Set the records down again, exactly, without their images.

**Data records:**
= = =
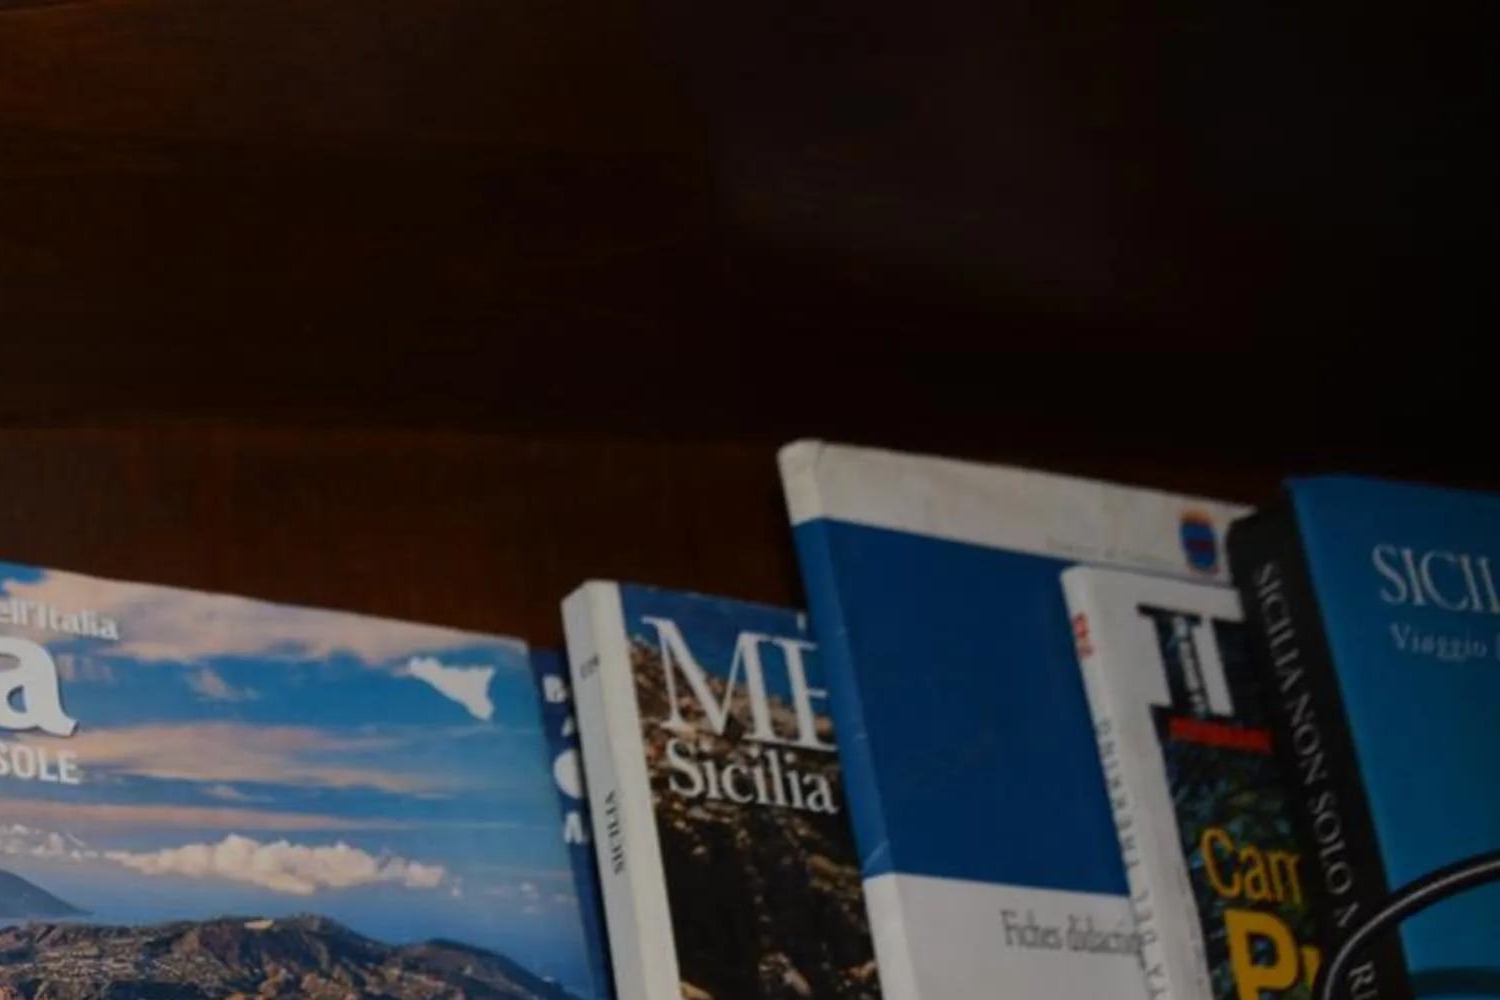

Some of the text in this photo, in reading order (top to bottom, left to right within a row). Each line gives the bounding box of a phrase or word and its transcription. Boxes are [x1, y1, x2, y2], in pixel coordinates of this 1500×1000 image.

[1388, 622, 1488, 663] Viaggio
[1257, 562, 1304, 692] SICILIA
[1285, 693, 1328, 786] NON
[1309, 790, 1354, 896] SOLO
[666, 737, 839, 815] Sicilia
[603, 789, 627, 877] SICILIA
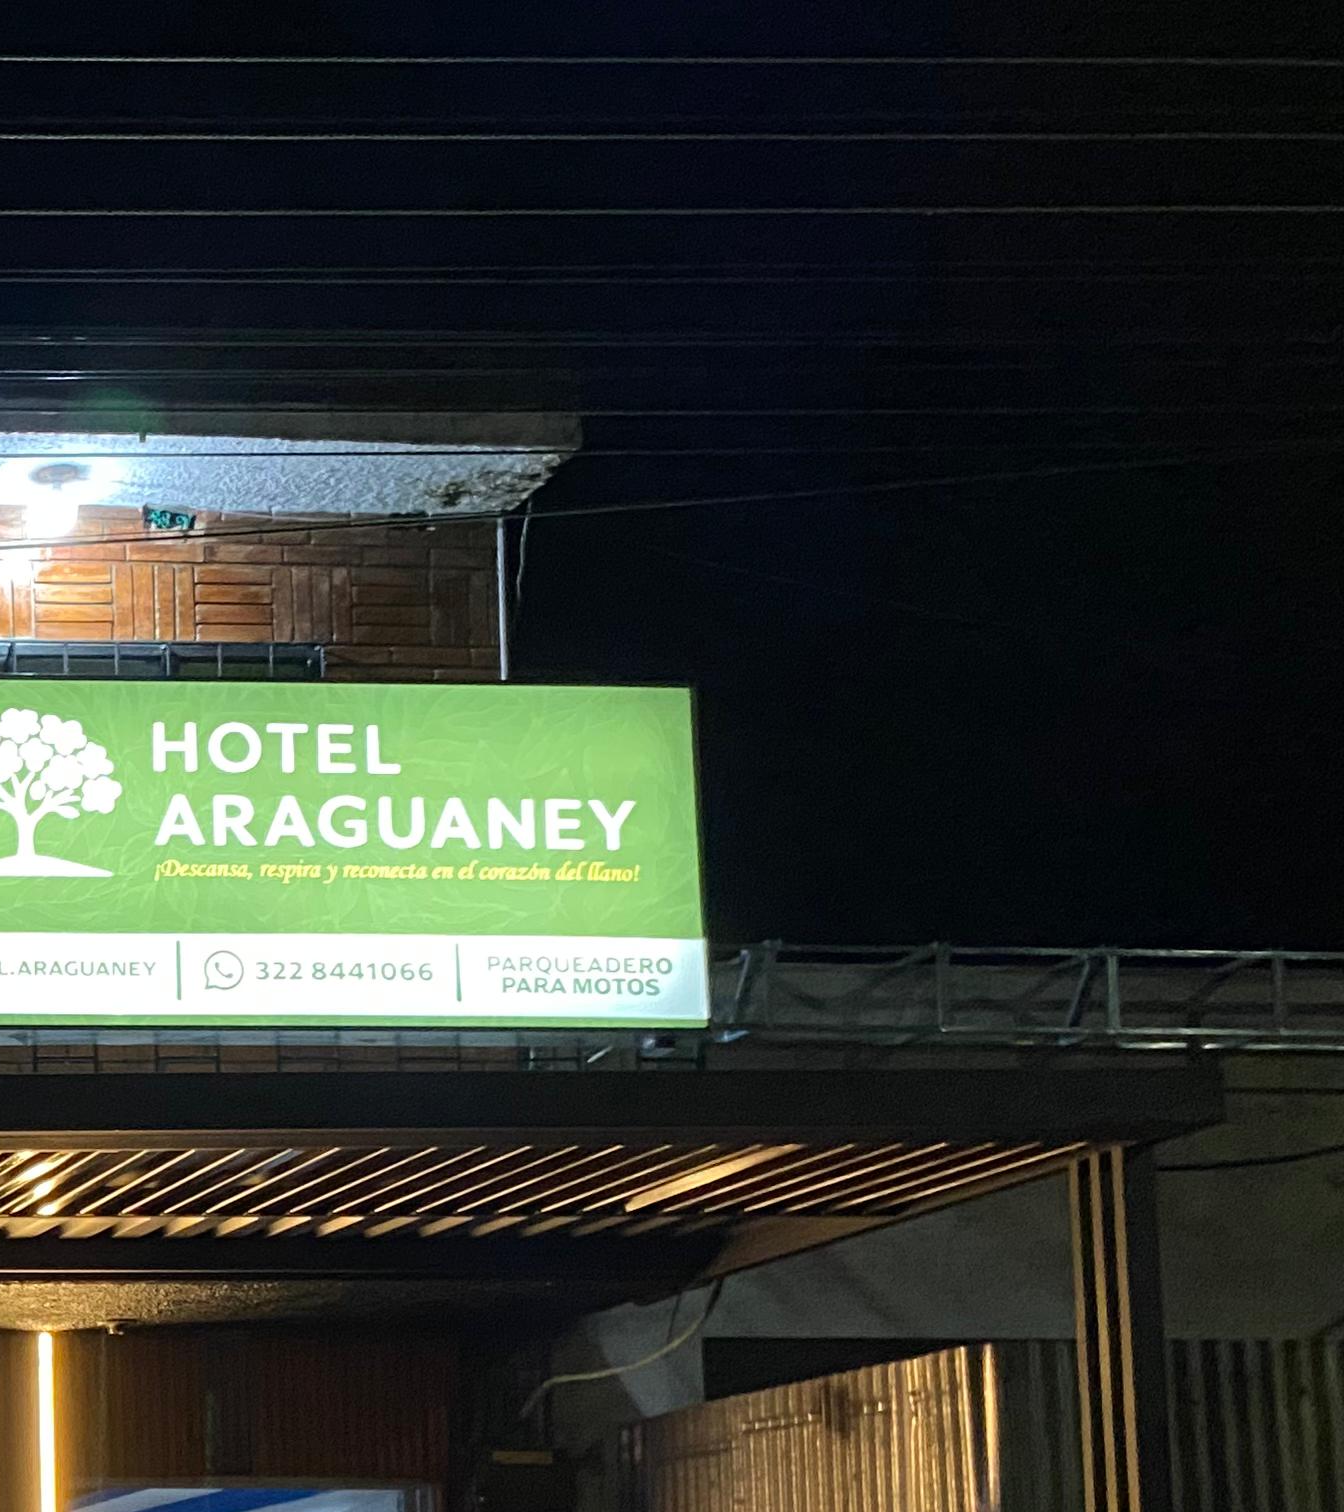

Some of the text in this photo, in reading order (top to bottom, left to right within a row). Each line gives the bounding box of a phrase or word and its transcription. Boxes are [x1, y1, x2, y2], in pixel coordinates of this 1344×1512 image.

[152, 722, 402, 775] HOTEL
[154, 794, 637, 851] ARAGUANEY
[154, 858, 641, 884] ¡Descansa, respira y reconecta en el corazón del llano!
[255, 961, 434, 982] 322 8441066
[487, 955, 673, 975] PARQUEADERO
[501, 976, 662, 997] PARA MOTOS
= = =
**Solution below:**
Some of the text in this photo, in reading order (top to bottom, left to right within a row). Each line gives the bounding box of a phrase or word and its transcription. Boxes are [x1, y1, x2, y2], in pixel coordinates of this 1500×1000 image.

[1388, 622, 1488, 663] Viaggio
[1257, 562, 1304, 692] SICILIA
[1285, 693, 1328, 786] NON
[1309, 790, 1354, 896] SOLO
[666, 737, 839, 815] Sicilia
[603, 789, 627, 877] SICILIA

Some of the text in this photo, in reading order (top to bottom, left to right within a row). Each line gives the bounding box of a phrase or word and its transcription. Boxes are [x1, y1, x2, y2], in pixel coordinates of this 1344×1512 image.

[152, 722, 402, 775] HOTEL
[154, 794, 637, 851] ARAGUANEY
[154, 858, 641, 884] ¡Descansa, respira y reconecta en el corazón del llano!
[255, 961, 434, 982] 322 8441066
[487, 955, 673, 975] PARQUEADERO
[501, 976, 662, 997] PARA MOTOS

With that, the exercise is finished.